## [ASSIGNMENT]
For every entry below, give it back exactly and leave out any image.

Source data
╭──
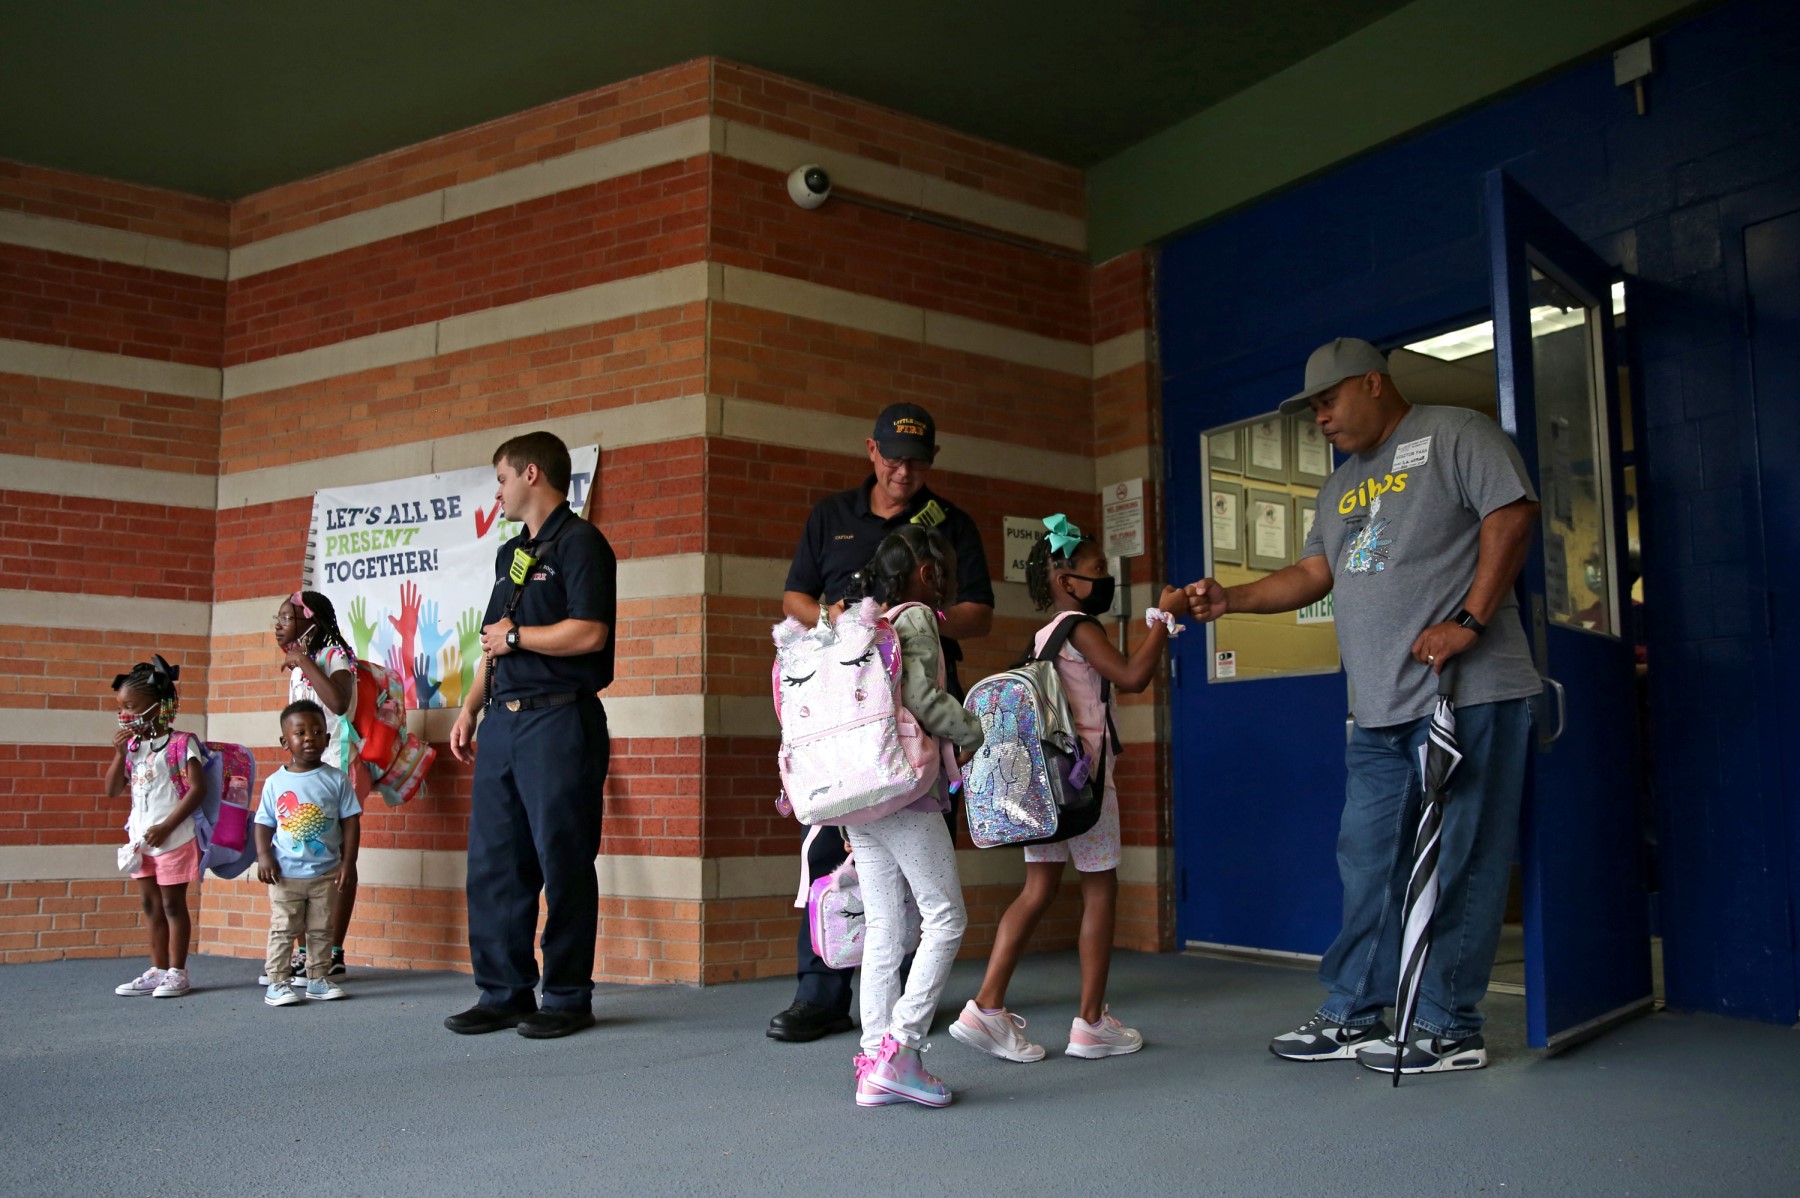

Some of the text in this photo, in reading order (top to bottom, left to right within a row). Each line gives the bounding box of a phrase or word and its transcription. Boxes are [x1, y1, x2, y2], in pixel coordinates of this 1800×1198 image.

[896, 425, 924, 436] FIRE
[326, 495, 462, 530] LET'S ALL BE
[325, 527, 420, 557] PRESENT
[1007, 528, 1032, 540] PUSH
[324, 549, 438, 583] TOGETHER!
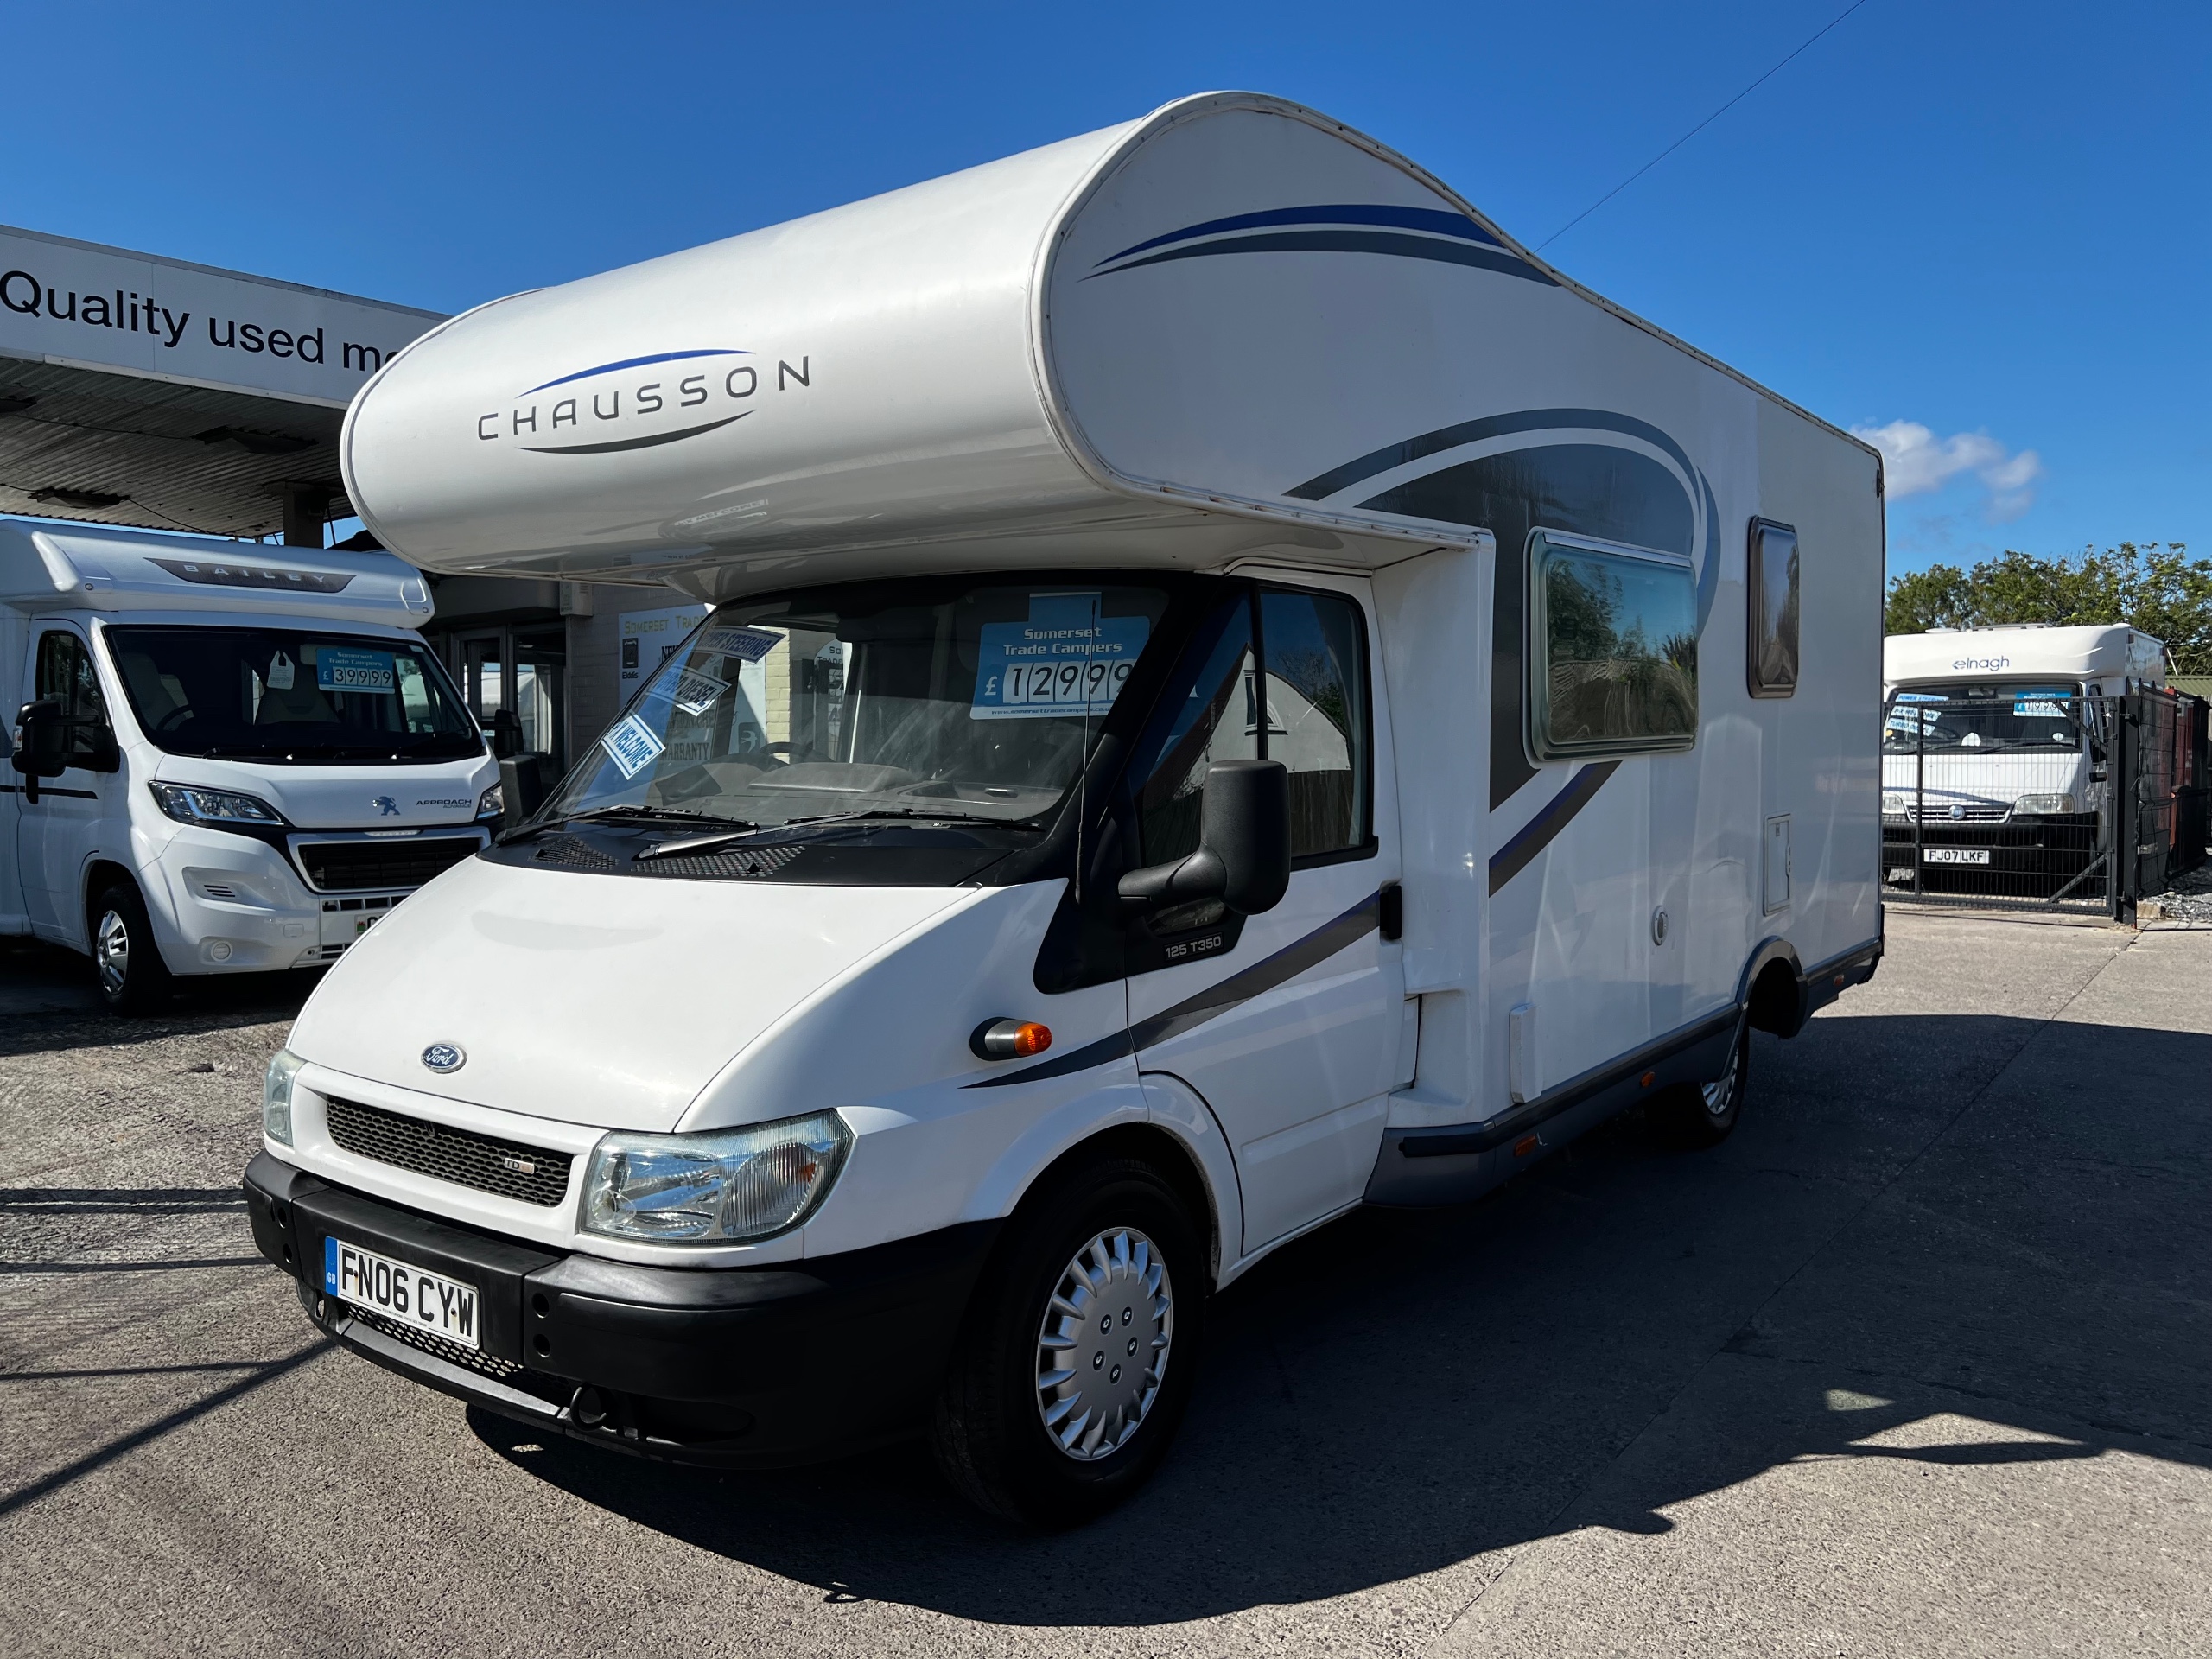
╰──
## [RESPONSE AREA]
Some of the text in this photo, in reading order (top to bottom, left to right within a row). Each line gives the bounding box of a phrase or word and its transcription. Boxes are [x1, y1, x2, y2], in pixel coordinates of this 1800×1198 image.

[896, 425, 924, 436] FIRE
[326, 495, 462, 530] LET'S ALL BE
[325, 527, 420, 557] PRESENT
[1007, 528, 1032, 540] PUSH
[324, 549, 438, 583] TOGETHER!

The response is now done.